**Work instruction**
Copy every entry word for word. Skip the pictures.

**Collected data**

________________

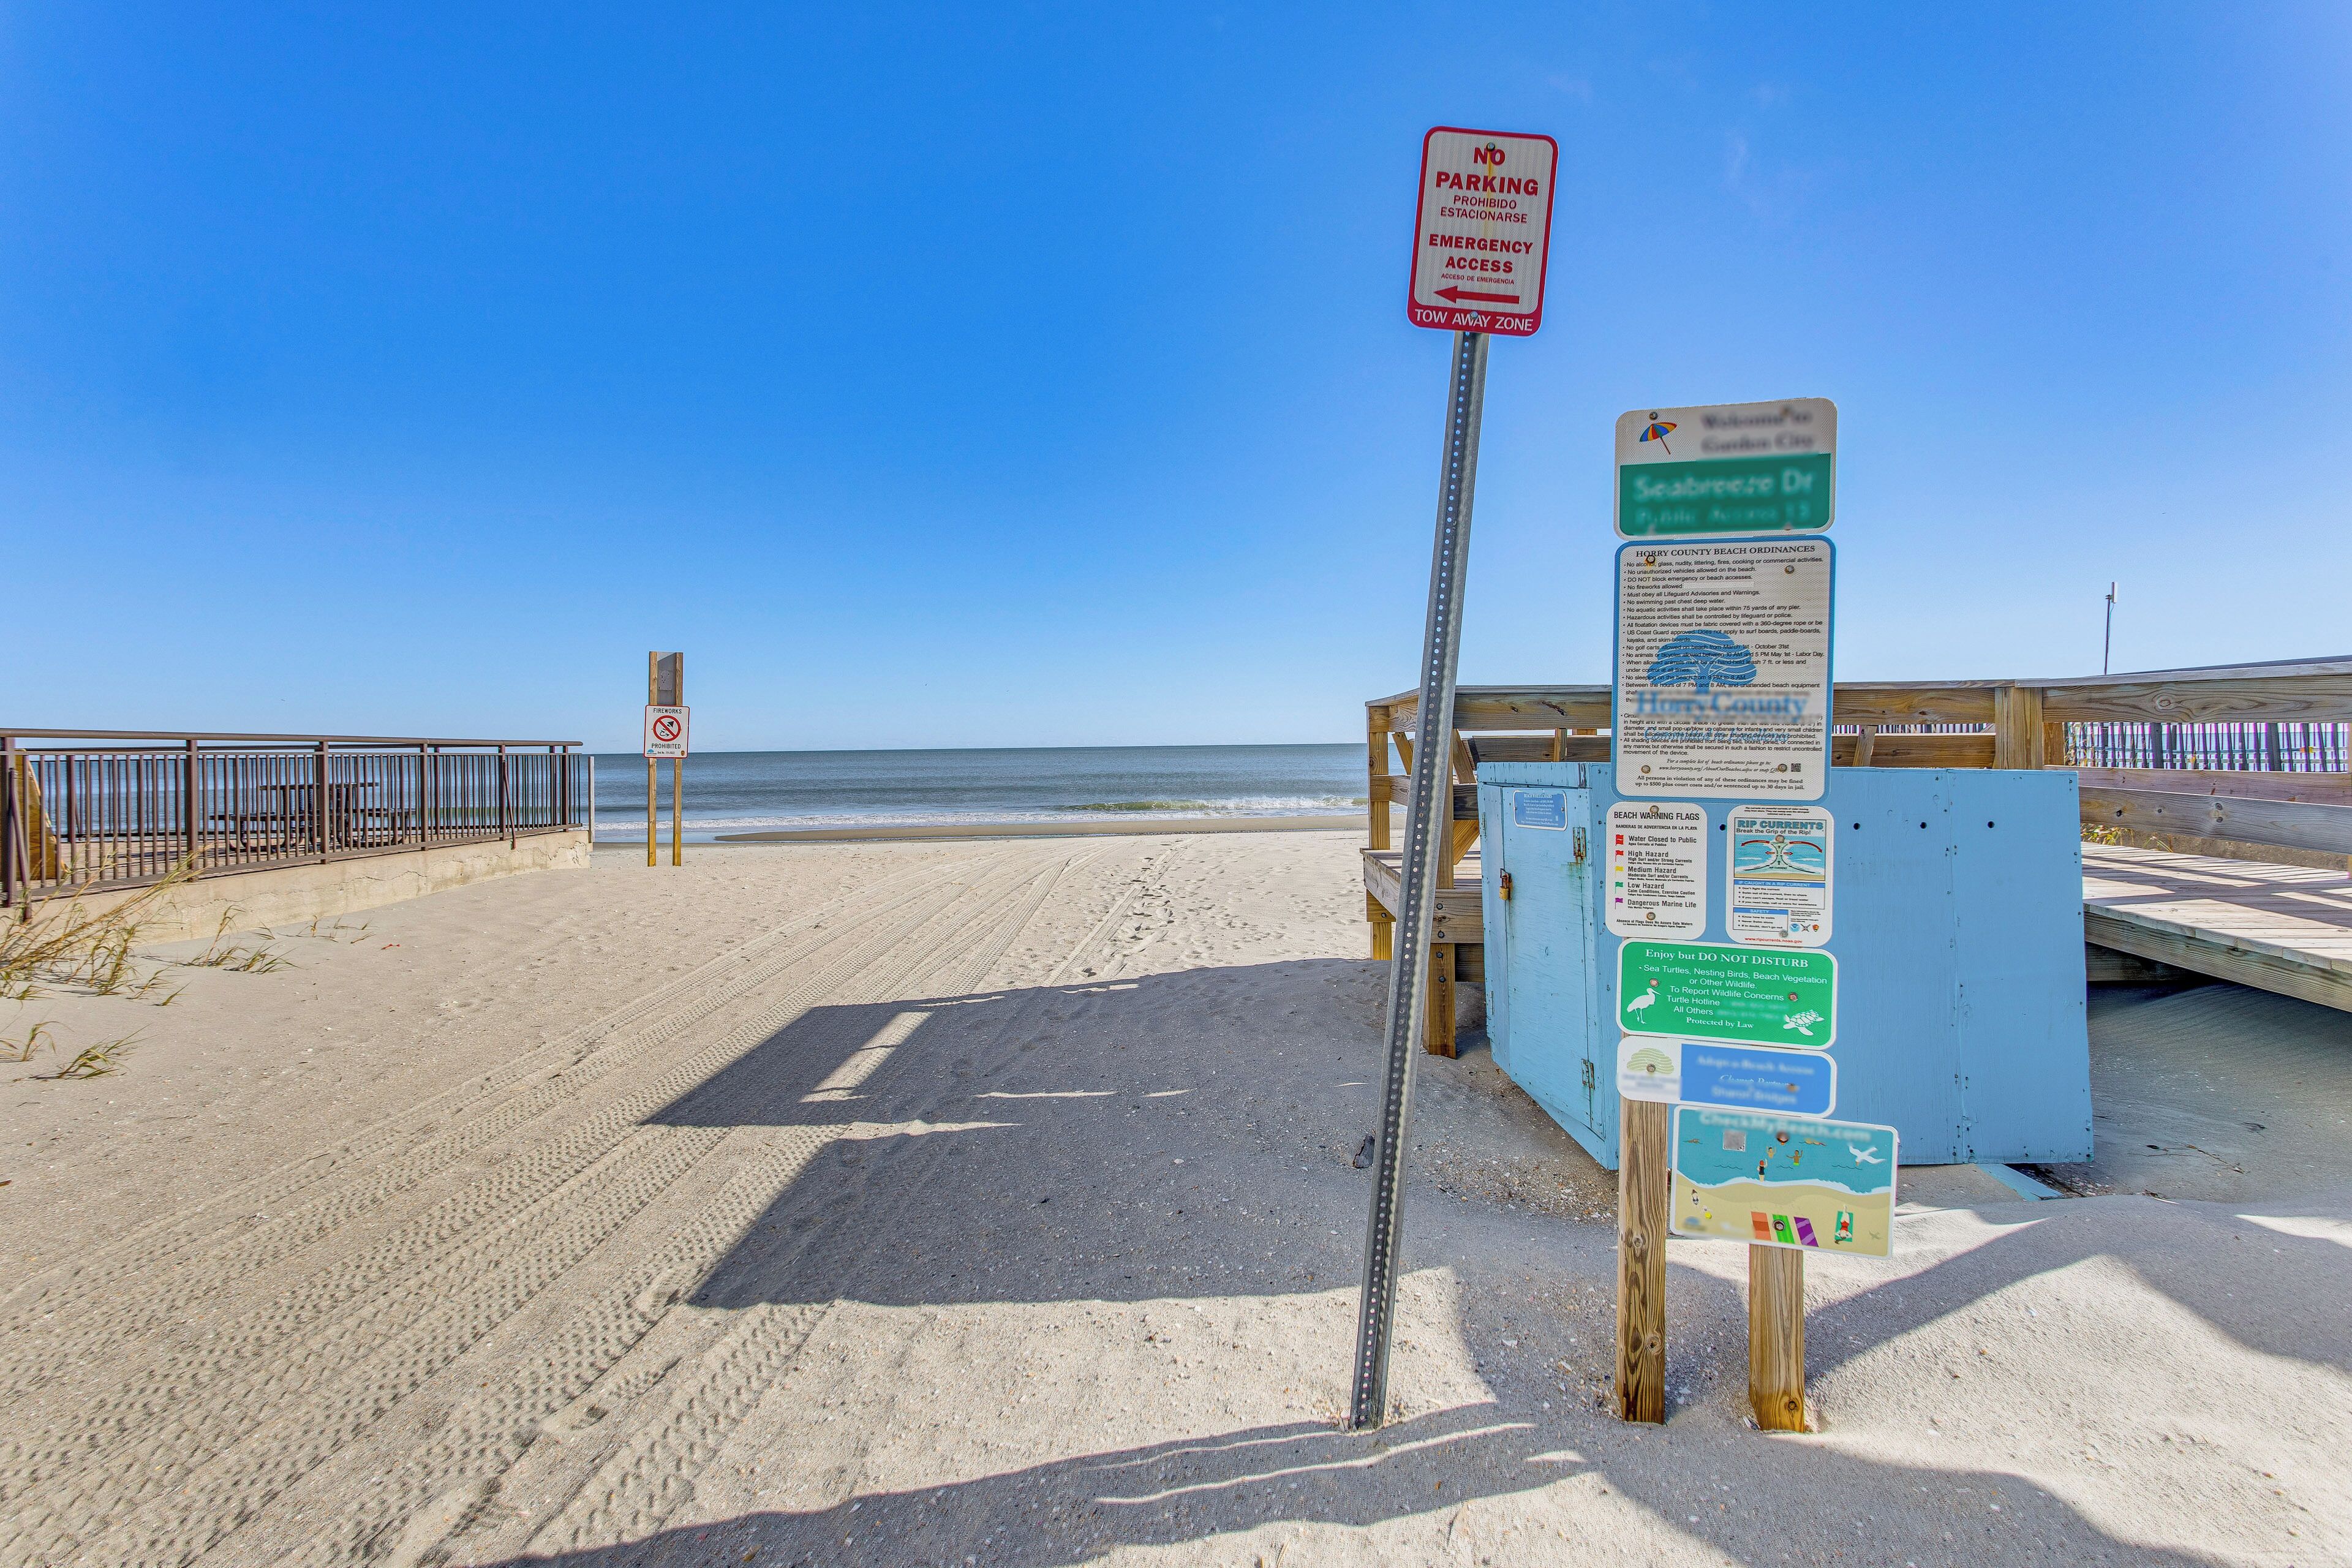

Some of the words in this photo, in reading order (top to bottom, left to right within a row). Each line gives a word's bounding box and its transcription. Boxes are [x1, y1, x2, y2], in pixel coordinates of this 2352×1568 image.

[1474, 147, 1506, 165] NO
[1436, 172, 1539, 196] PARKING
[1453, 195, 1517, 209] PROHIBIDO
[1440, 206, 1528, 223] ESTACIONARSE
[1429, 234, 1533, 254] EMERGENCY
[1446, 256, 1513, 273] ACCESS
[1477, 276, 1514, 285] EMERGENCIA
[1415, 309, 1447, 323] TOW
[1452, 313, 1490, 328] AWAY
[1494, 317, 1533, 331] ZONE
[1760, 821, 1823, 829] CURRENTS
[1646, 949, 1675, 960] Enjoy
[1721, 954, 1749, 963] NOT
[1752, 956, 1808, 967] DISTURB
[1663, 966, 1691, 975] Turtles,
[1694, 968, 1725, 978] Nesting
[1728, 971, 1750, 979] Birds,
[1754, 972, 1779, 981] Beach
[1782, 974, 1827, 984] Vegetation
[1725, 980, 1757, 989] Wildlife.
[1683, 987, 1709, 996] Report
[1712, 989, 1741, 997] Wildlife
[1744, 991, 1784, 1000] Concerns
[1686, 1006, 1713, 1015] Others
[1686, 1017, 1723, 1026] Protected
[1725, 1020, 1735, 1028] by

________________

**Answer to this exercise**
Some of the words in this photo, in reading order (top to bottom, left to right within a row). Each line gives a word's bounding box and its transcription. Boxes are [x1, y1, x2, y2], in pixel coordinates of this 2352×1568 image.

[1474, 147, 1506, 165] NO
[1436, 172, 1539, 196] PARKING
[1453, 195, 1517, 209] PROHIBIDO
[1440, 206, 1528, 223] ESTACIONARSE
[1429, 234, 1533, 254] EMERGENCY
[1446, 256, 1513, 273] ACCESS
[1477, 276, 1514, 285] EMERGENCIA
[1415, 309, 1447, 323] TOW
[1452, 313, 1490, 328] AWAY
[1494, 317, 1533, 331] ZONE
[1760, 821, 1823, 829] CURRENTS
[1646, 949, 1675, 960] Enjoy
[1721, 954, 1749, 963] NOT
[1752, 956, 1808, 967] DISTURB
[1663, 966, 1691, 975] Turtles,
[1694, 968, 1725, 978] Nesting
[1728, 971, 1750, 979] Birds,
[1754, 972, 1779, 981] Beach
[1782, 974, 1827, 984] Vegetation
[1725, 980, 1757, 989] Wildlife.
[1683, 987, 1709, 996] Report
[1712, 989, 1741, 997] Wildlife
[1744, 991, 1784, 1000] Concerns
[1686, 1006, 1713, 1015] Others
[1686, 1017, 1723, 1026] Protected
[1725, 1020, 1735, 1028] by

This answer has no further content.